Lately I’ve been doing a lot of research into ringbone, because that is what Chincoteague Minnow was diagnosed with in 2008, and is the reason he was retired from competition and riding in general.

For anyone that doesn’t know, Ringbone is a bone growth in the pastern or coffin joint of a horse. In severe cases, the growth can encircle the bones, giving ringbone its name. Essentially ringbone is a form of equine arthritis. There are several reasons why horses can develop ringbone, I’m fairly certain that Minnow developed it due to poor confirmation (he has fairly upright pasterns) and the fact that for 4 years I competed him in a speed sport, Mounted Games. Although Minnow did develop ringbone in his left front, which is sort of contradictory to our sport, because the majority of the time we always make right hand turns – putting most of the strain on the right front leg. So I think that even though Minnow was involved with a physically demanding sport, he likely would have developed ringbone either way.

Magnetic Therapy for Ringbone

Some horses can continue to be ridden with proper maintenance, and there are several treatment options, although none can cure ringbone. One such option is joint injections, which I did try on Minnow at the suggestion of several vets. The pastern joint can be injected directly, typically with a form of corticosteroid and hyaluronic acid. For several months Minnow was on stall rest, and although I did see improvement it was never enough to continue riding him like I had hoped.

Personally I didn’t think it was right to continue to ride Minnow (by drugging him up) simply for my enjoyment. So now the only “maintenance” Minnow gets is proper barefoot shoeing and the occasional dose of bute (sort of like aspirin for horses) if he’s going to be doing something a little more strenuous like performing with me.
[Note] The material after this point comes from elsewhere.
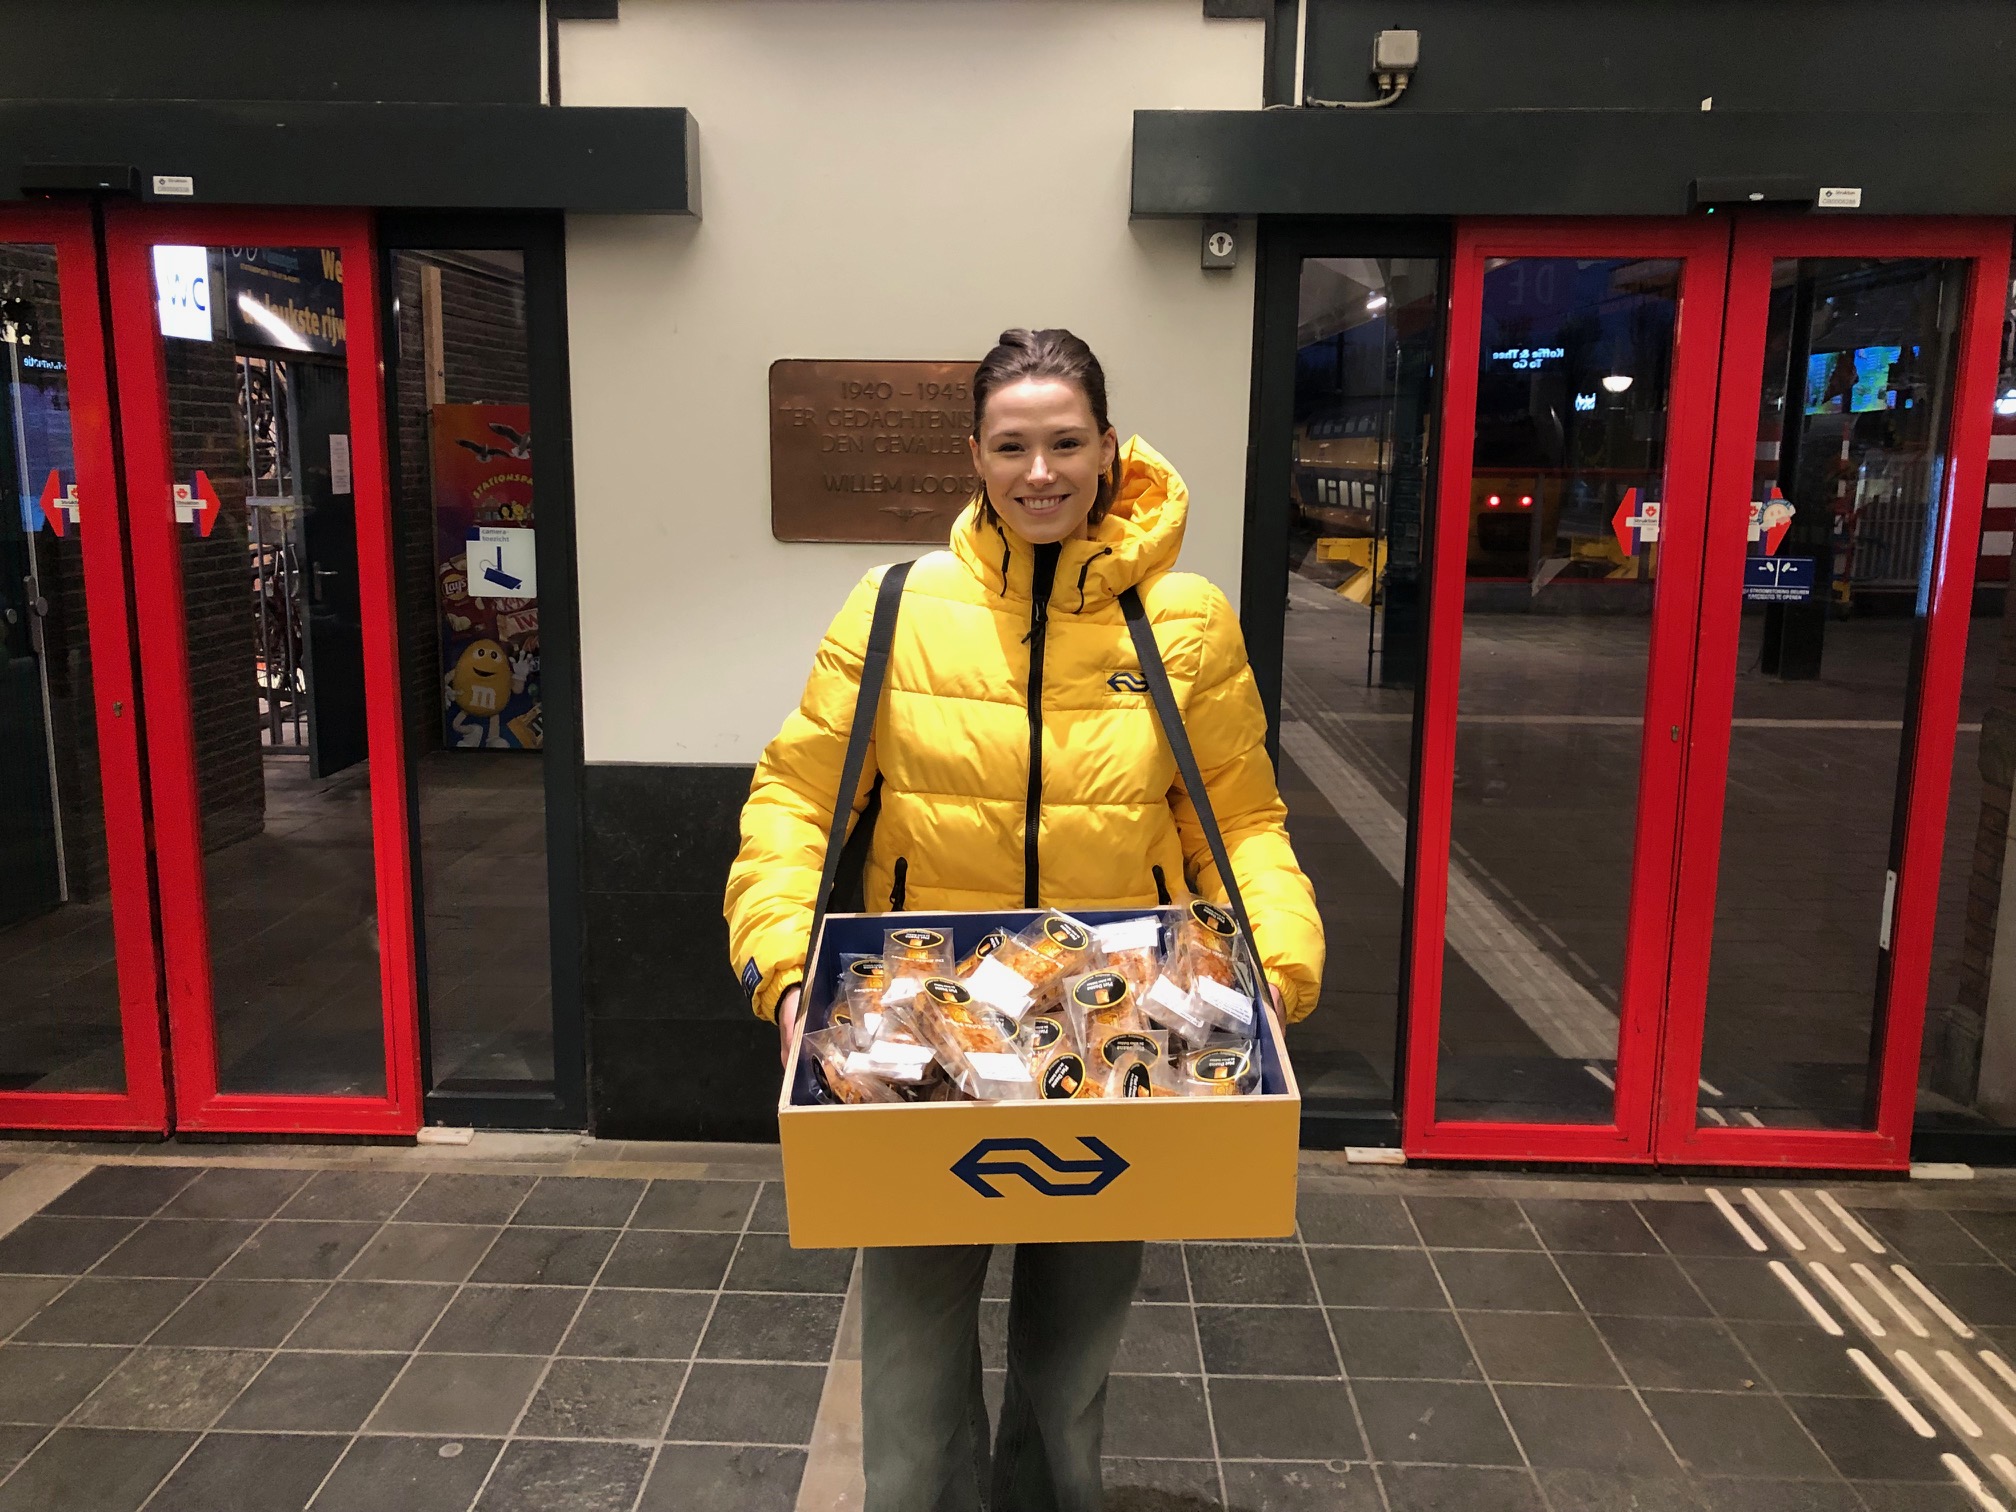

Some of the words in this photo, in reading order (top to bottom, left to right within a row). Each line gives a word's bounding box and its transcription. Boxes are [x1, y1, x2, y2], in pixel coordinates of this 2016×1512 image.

But as Minnow gets older (he turns 17 this year) I’ve begun to wonder if I’m doing enough to alleviate his pain? But at the same time I don’t want to dose him like crazy with supplements that he really doesn’t need. I’m sort of torn in both directions. He’s a hearty pony that was born wild, maybe less is better? I also read somewhere that light exercise is better for ringbone than letting the horse stand in one area a lot. Minnow is turned out daily, but maybe he needs more, perhaps I should be taking him on walking trail rides once a week or more?
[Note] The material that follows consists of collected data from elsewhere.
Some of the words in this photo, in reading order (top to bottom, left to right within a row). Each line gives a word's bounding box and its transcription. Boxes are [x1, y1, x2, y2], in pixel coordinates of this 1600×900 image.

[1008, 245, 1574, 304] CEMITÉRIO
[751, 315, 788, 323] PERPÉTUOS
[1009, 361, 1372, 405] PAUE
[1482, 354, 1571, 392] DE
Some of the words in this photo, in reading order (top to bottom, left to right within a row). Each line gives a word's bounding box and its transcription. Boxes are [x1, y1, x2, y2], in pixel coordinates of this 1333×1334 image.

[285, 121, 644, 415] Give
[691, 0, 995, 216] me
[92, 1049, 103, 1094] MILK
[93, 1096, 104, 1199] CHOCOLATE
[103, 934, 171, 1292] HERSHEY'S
So as I contemplate and research what is best for him I’m posting this question to all of my readers (or passerby’s) of this blog….Any Suggestions? Perhaps you’ve had/know a horse with ringbone…has anything worked for them?

As soon as I figure out this Ringbone dilemma I’ll have to move onto Equine Cushings – as my retired Dressage horse, Niatross, has been diagnoised with this illness. He’s not the first experience I’ve had with cushings though, my childhood pony, Oopsie Daisy, also had cushings in his later years.